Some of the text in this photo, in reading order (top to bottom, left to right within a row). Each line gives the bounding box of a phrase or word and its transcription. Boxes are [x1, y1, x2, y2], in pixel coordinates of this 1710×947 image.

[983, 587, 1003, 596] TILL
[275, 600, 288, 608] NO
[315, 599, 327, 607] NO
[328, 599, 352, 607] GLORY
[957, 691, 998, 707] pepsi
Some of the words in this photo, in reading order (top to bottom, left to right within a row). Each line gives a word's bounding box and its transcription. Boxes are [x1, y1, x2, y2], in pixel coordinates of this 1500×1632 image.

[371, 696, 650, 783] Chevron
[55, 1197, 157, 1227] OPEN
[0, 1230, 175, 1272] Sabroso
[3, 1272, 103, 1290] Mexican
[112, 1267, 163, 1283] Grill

····················

**How to complete this task:** An unaltered transcription of all the data above is needed.

**Exercise response:**
Some of the text in this photo, in reading order (top to bottom, left to right within a row). Each line gives the bounding box of a phrase or word and its transcription. Boxes are [x1, y1, x2, y2], in pixel coordinates of this 1710×947 image.

[983, 587, 1003, 596] TILL
[275, 600, 288, 608] NO
[315, 599, 327, 607] NO
[328, 599, 352, 607] GLORY
[957, 691, 998, 707] pepsi
Some of the words in this photo, in reading order (top to bottom, left to right within a row). Each line gives a word's bounding box and its transcription. Boxes are [x1, y1, x2, y2], in pixel coordinates of this 1500×1632 image.

[371, 696, 650, 783] Chevron
[55, 1197, 157, 1227] OPEN
[0, 1230, 175, 1272] Sabroso
[3, 1272, 103, 1290] Mexican
[112, 1267, 163, 1283] Grill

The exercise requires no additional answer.